- [What you are asked to do] The expected answer is the data below, printed verbatim without its pictures.

(Items from a dataset)
=-=-=
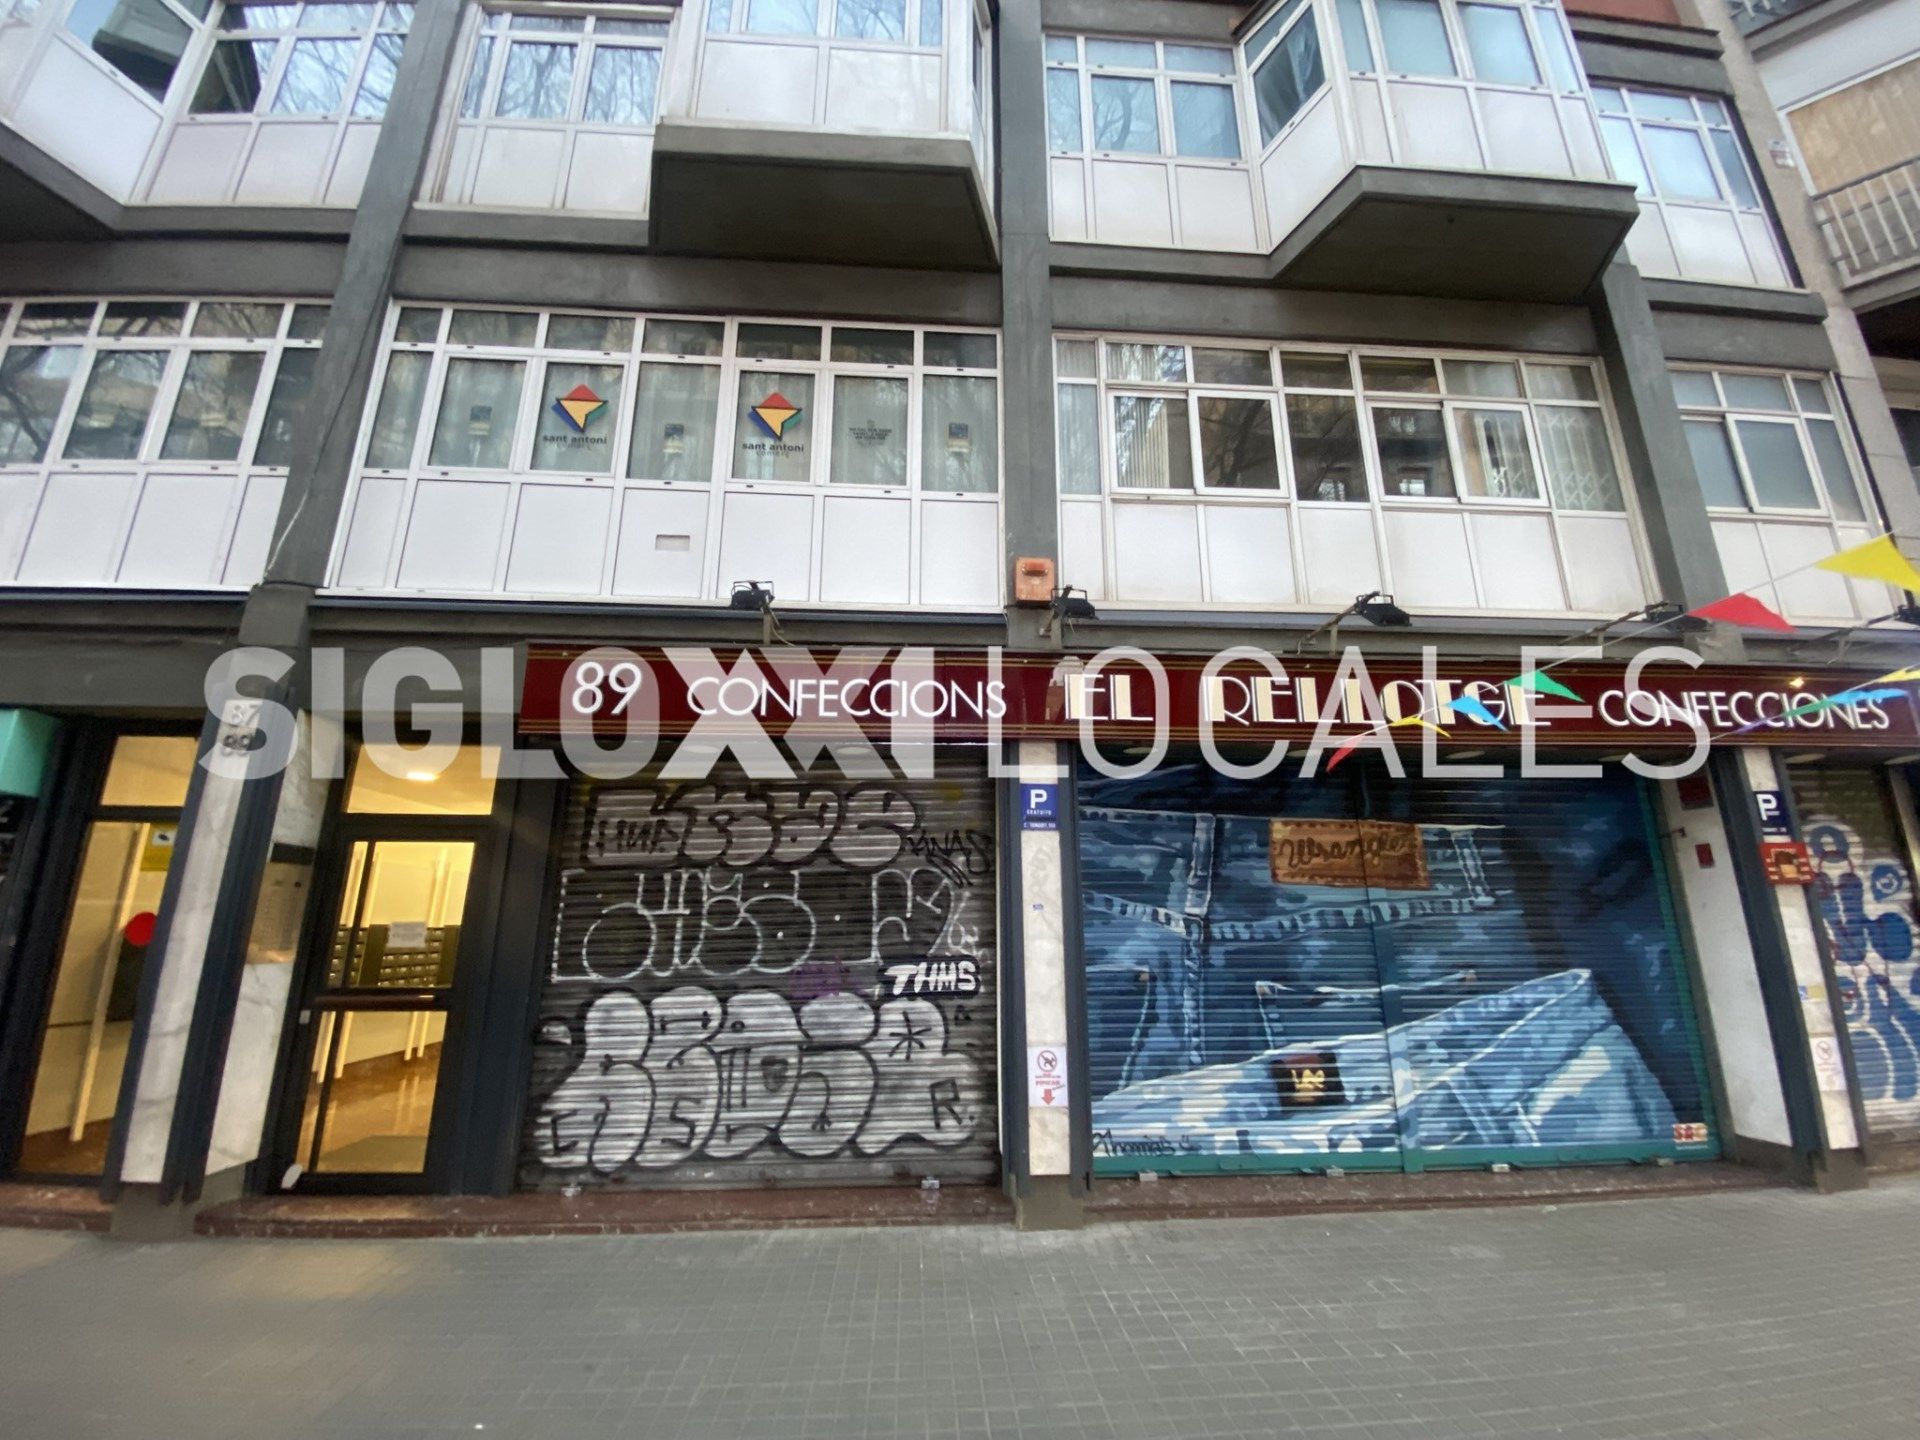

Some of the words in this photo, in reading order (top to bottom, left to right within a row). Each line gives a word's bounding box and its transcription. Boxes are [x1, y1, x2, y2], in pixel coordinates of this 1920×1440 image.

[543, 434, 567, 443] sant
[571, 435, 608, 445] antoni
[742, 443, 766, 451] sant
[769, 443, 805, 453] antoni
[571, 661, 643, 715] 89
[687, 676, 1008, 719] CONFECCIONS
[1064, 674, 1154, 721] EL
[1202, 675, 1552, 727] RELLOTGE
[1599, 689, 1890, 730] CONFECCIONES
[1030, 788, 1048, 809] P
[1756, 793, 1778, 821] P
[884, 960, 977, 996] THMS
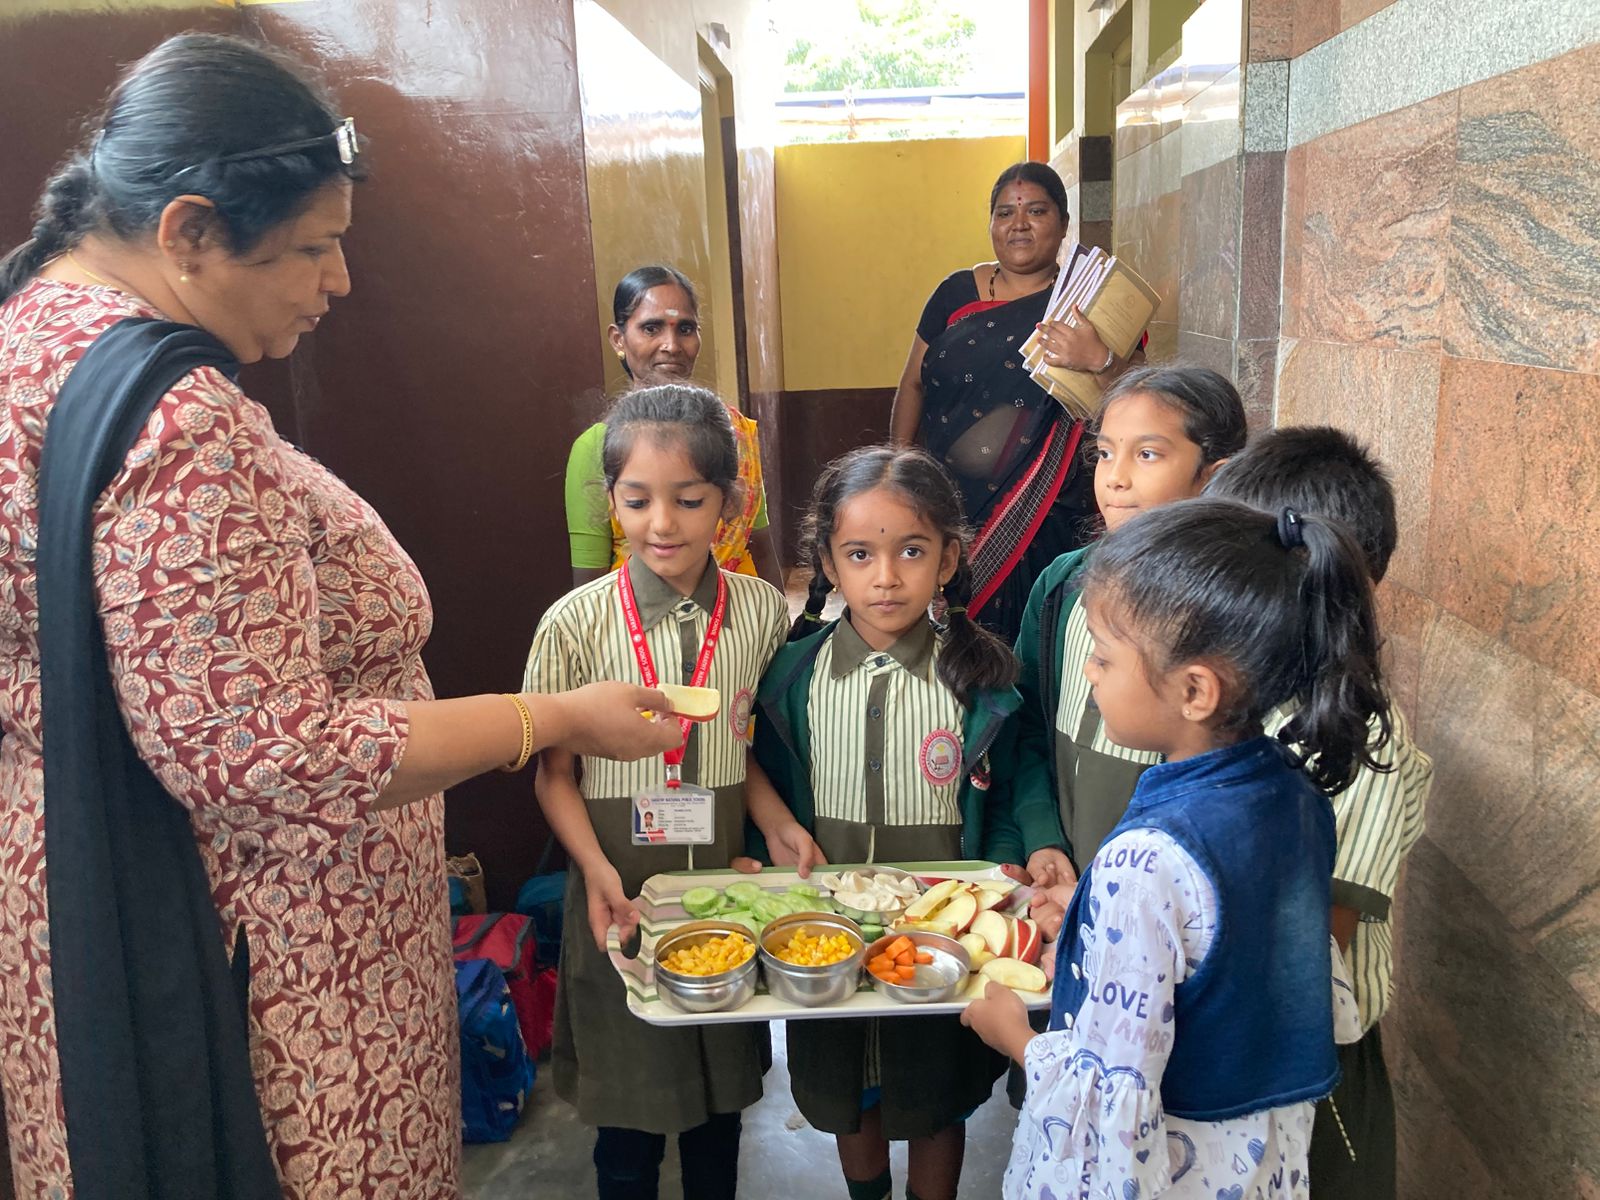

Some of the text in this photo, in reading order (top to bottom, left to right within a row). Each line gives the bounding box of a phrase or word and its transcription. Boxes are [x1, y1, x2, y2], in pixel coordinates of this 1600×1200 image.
=-=-=
- [Written solution]
Some of the words in this photo, in reading order (top to bottom, left to right within a row). Each line gives a word's bounding box and its transcription. Boxes are [x1, y1, x2, y2], in pixel coordinates of this 1920×1440 image.

[543, 434, 567, 443] sant
[571, 435, 608, 445] antoni
[742, 443, 766, 451] sant
[769, 443, 805, 453] antoni
[571, 661, 643, 715] 89
[687, 676, 1008, 719] CONFECCIONS
[1064, 674, 1154, 721] EL
[1202, 675, 1552, 727] RELLOTGE
[1599, 689, 1890, 730] CONFECCIONES
[1030, 788, 1048, 809] P
[1756, 793, 1778, 821] P
[884, 960, 977, 996] THMS

Some of the text in this photo, in reading order (top to bottom, left to right within a row). Each line gives the bounding box of a phrase or word and its transcription. Boxes are [x1, y1, x2, y2], in pixel coordinates of this 1600×1200 image.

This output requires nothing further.